## Records provided
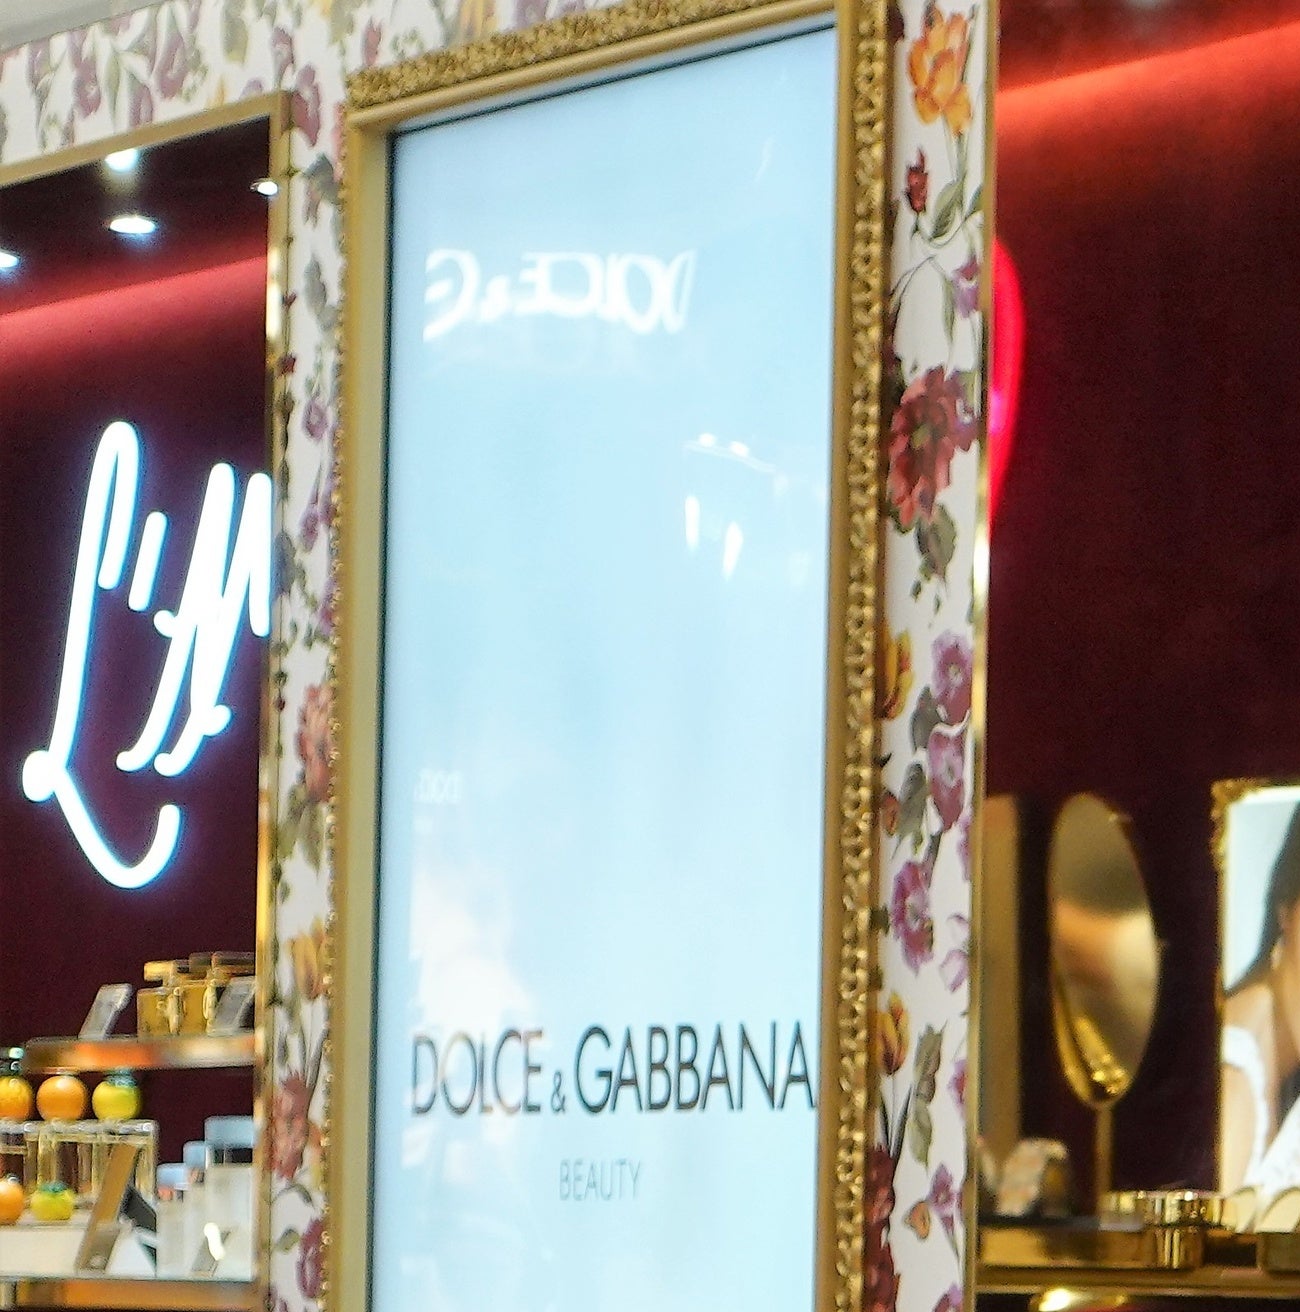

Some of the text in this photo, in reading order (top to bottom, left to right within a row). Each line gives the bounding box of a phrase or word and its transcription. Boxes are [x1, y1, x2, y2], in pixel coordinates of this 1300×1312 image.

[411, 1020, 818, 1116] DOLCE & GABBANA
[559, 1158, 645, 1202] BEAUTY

---

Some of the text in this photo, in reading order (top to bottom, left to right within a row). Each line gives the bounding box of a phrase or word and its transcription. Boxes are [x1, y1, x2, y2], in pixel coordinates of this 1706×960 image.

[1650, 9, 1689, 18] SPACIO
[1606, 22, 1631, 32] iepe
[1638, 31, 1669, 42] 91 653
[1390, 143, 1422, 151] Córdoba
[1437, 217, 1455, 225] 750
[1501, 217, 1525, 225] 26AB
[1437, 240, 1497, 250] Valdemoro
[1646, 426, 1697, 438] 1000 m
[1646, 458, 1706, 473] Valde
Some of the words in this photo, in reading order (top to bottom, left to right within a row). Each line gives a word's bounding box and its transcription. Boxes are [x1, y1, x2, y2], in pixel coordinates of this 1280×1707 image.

## Problem statement
Give back exactly the lines of the listing above that run from the line with "this 1706×960 image." to the line with "Some of the words", inclusive.

## Answer below
Some of the text in this photo, in reading order (top to bottom, left to right within a row). Each line gives the bounding box of a phrase or word and its transcription. Boxes are [x1, y1, x2, y2], in pixel coordinates of this 1706×960 image.

[1650, 9, 1689, 18] SPACIO
[1606, 22, 1631, 32] iepe
[1638, 31, 1669, 42] 91 653
[1390, 143, 1422, 151] Córdoba
[1437, 217, 1455, 225] 750
[1501, 217, 1525, 225] 26AB
[1437, 240, 1497, 250] Valdemoro
[1646, 426, 1697, 438] 1000 m
[1646, 458, 1706, 473] Valde
Some of the words in this photo, in reading order (top to bottom, left to right within a row). Each line gives a word's bounding box and its transcription. Boxes are [x1, y1, x2, y2], in pixel coordinates of this 1280×1707 image.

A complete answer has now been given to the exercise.